Firstly, to appreciate from whence I have come, the incredible past of those who came before me. This is beautifully expressed by Bill Bryson in his A Short History of Nearly Everything:
Not only have you been lucky enough to be attached since time immemorial to a favored evolutionary line, but you have also been extremely - make that miraculously - fortunate in your personal ancestry. Consider the fact that for 3.8 billion years, a period of time older than the mountains and rivers and oceans, every one of your forebears on both sides has been attractive enough to find a mate, healthy enough to reproduce, and sufficiently blessed by fate and circumstances to live long enough to do so. Not one of your pertinent ancestors was squashed, devoured, drowned, starved, stuck fast, untimely wounded, or otherwise deflected from its life's quest of delivering a tiny charge of genetic material to the right partner at the right moment in order to perpetuate the only possible sequence of hereditary combinations that could result - eventually, astoundingly, and all to briefly - in you.

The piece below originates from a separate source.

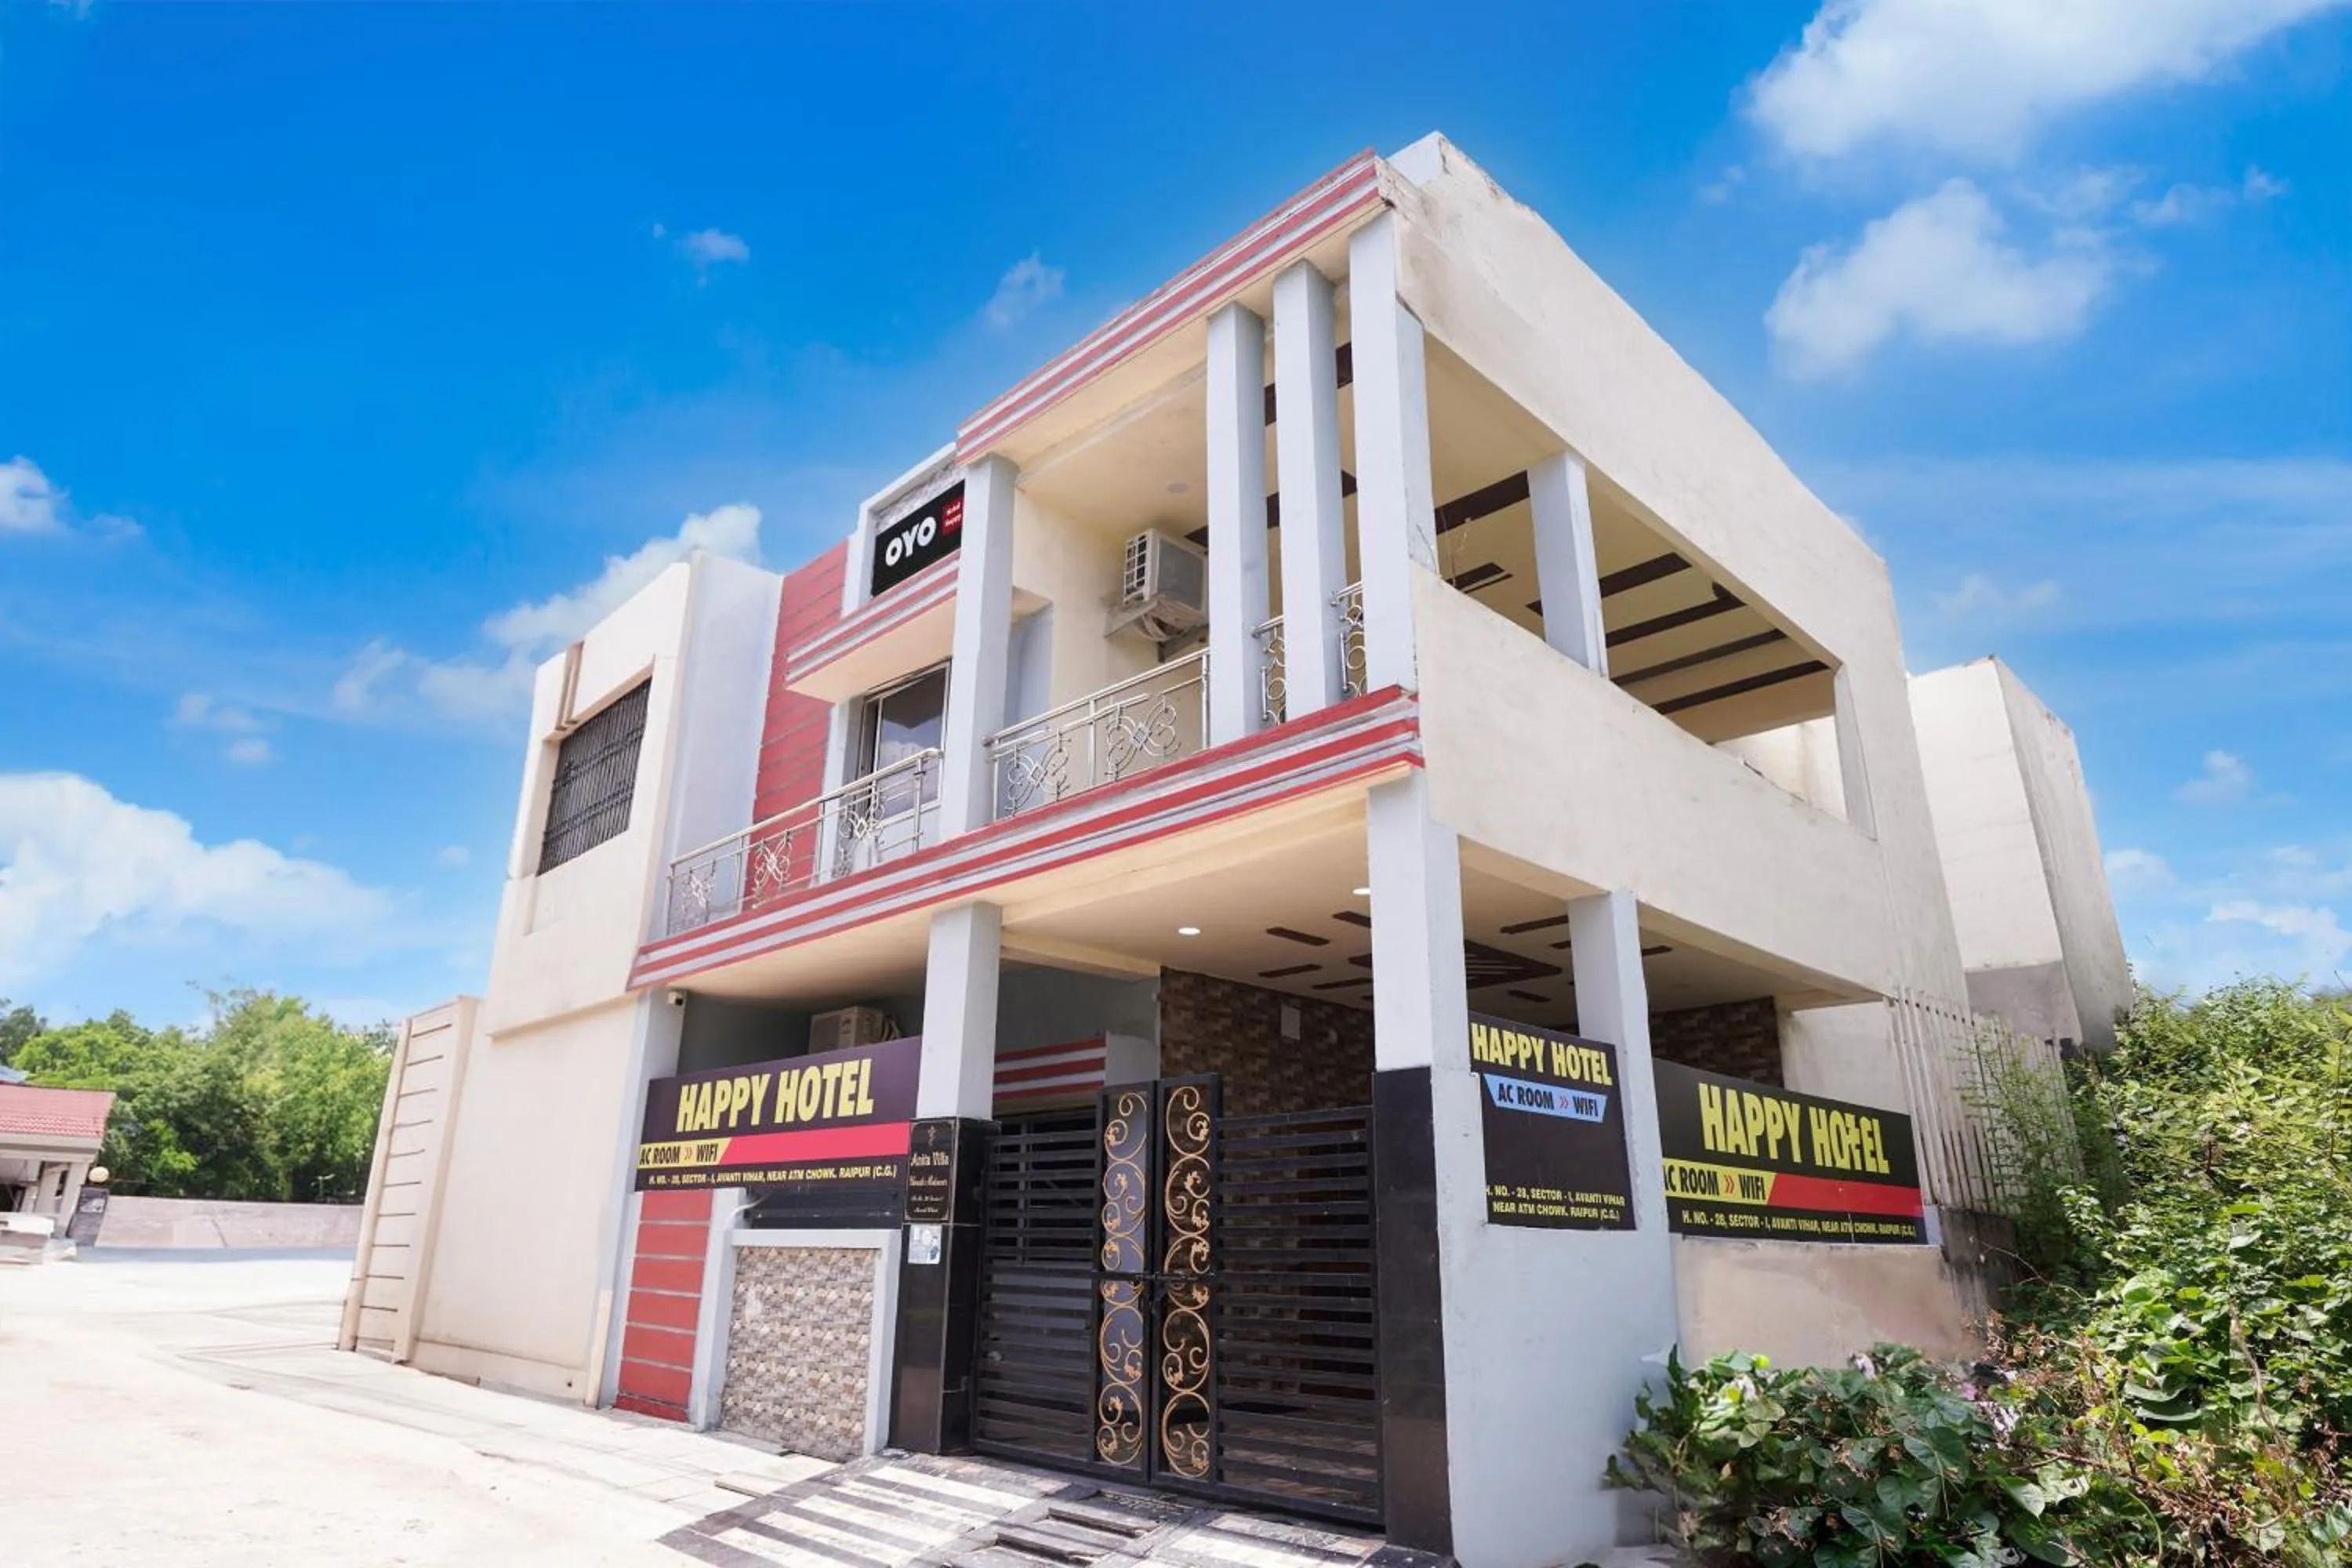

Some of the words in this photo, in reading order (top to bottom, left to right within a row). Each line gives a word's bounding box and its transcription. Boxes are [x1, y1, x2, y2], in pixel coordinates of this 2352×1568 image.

Secondly, that I might dream of hitherto unimagined destinations, the amazing future that awaits those who come after me. H.G.Wells in The Discovery of the Future, says:
Out of our... lineage, minds will spring, that will reach back to us in our littleness to know us better than we know ourselves. A day will come, one day in the unending succession of days, when beings, beings who are now latent in our thoughts and hidden in our loins, shall stand upon this earth as one stands upon a footstool, and shall laugh and reach out their hands amidst the stars.

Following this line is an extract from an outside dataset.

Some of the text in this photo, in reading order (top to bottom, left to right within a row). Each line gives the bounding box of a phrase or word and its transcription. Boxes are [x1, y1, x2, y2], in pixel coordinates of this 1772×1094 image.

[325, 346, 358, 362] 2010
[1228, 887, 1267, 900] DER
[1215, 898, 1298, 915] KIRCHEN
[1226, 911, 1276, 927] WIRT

So I am into genealogy because my ancestors are just the most amazing people who overcame great obstacles in life and by doing so are responsible for my being. I want to know who they are and what they overcame so I can better appreciate who I am. I am also into genealogy because of the breathtaking vistas and destinies that await my descendants. I want to anticipate who they will be and the challenges they will face so I can better live my life now.
Somewhere John Wesley wrote, "I have thought, I am a creature of a day, passing through life as an arrow through the air. I am a spirit come from God, and returning to God: just hovering over the great gulf; till a few moments hence, I am no more seen; I drop into an unchangeable eternity!"
That is what genealogy does for me. It evokes spiritual wonder!